Brief:
So long as no pictures are carried over, output the records below exactly.

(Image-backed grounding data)
Start of Block

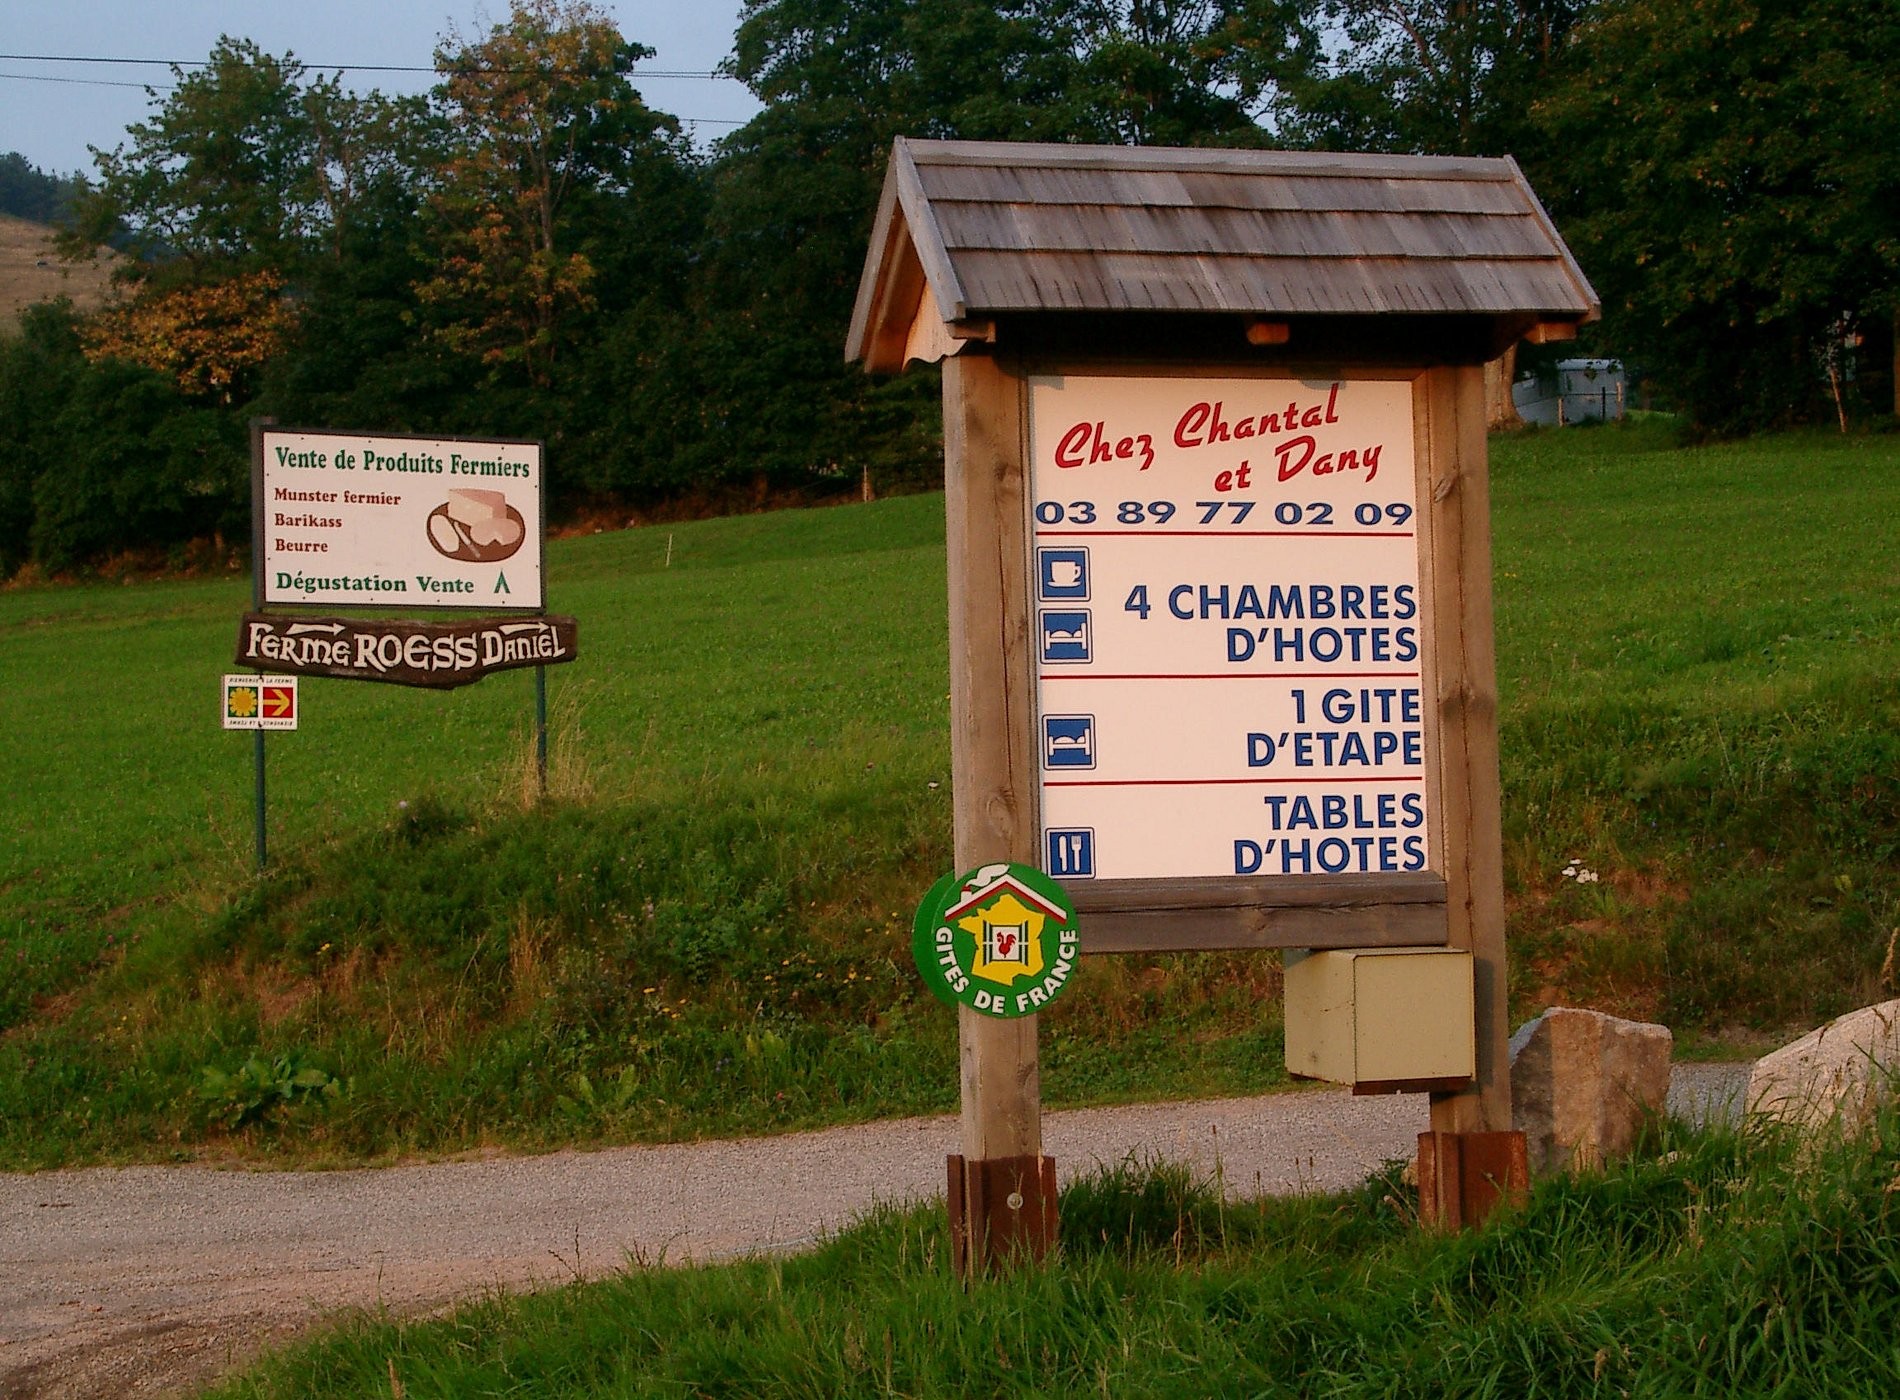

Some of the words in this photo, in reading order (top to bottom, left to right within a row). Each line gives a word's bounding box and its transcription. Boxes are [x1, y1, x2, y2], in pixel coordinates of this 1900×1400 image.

[1055, 421, 1154, 470] Chez
[1173, 383, 1339, 448] Chantal
[275, 446, 327, 469] Vente
[334, 449, 356, 470] de
[363, 450, 443, 474] Produits
[450, 454, 530, 478] Fermiers
[1214, 460, 1251, 492] et
[1274, 435, 1383, 482] Dany
[274, 487, 338, 503] Munster
[343, 490, 402, 505] fermier
[1036, 501, 1097, 525] 03
[1117, 501, 1176, 525] 89
[1195, 501, 1257, 525] 77
[1274, 502, 1334, 525] 02
[1354, 502, 1413, 526] 09
[274, 513, 342, 528] Barikass
[275, 538, 329, 553] Beurre
[276, 570, 408, 594] Dégustation
[416, 576, 475, 593] Vente
[1124, 585, 1151, 620] 4
[1168, 584, 1416, 620] CHAMBRES
[353, 631, 478, 673] ROESS
[1226, 626, 1418, 663] D'HOTES
[1291, 689, 1306, 724] 1
[1322, 688, 1420, 724] GITE
[1246, 731, 1422, 768] D'ETAPE
[1264, 793, 1424, 830] TABLES
[1234, 835, 1425, 875] D'HOTES
[935, 926, 970, 994] GITES
[973, 989, 1005, 1014] DE
[1016, 930, 1077, 1012] FRANCE

End of Block

Result:
Some of the words in this photo, in reading order (top to bottom, left to right within a row). Each line gives a word's bounding box and its transcription. Boxes are [x1, y1, x2, y2], in pixel coordinates of this 1900×1400 image.

[1055, 421, 1154, 470] Chez
[1173, 383, 1339, 448] Chantal
[275, 446, 327, 469] Vente
[334, 449, 356, 470] de
[363, 450, 443, 474] Produits
[450, 454, 530, 478] Fermiers
[1214, 460, 1251, 492] et
[1274, 435, 1383, 482] Dany
[274, 487, 338, 503] Munster
[343, 490, 402, 505] fermier
[1036, 501, 1097, 525] 03
[1117, 501, 1176, 525] 89
[1195, 501, 1257, 525] 77
[1274, 502, 1334, 525] 02
[1354, 502, 1413, 526] 09
[274, 513, 342, 528] Barikass
[275, 538, 329, 553] Beurre
[276, 570, 408, 594] Dégustation
[416, 576, 475, 593] Vente
[1124, 585, 1151, 620] 4
[1168, 584, 1416, 620] CHAMBRES
[353, 631, 478, 673] ROESS
[1226, 626, 1418, 663] D'HOTES
[1291, 689, 1306, 724] 1
[1322, 688, 1420, 724] GITE
[1246, 731, 1422, 768] D'ETAPE
[1264, 793, 1424, 830] TABLES
[1234, 835, 1425, 875] D'HOTES
[935, 926, 970, 994] GITES
[973, 989, 1005, 1014] DE
[1016, 930, 1077, 1012] FRANCE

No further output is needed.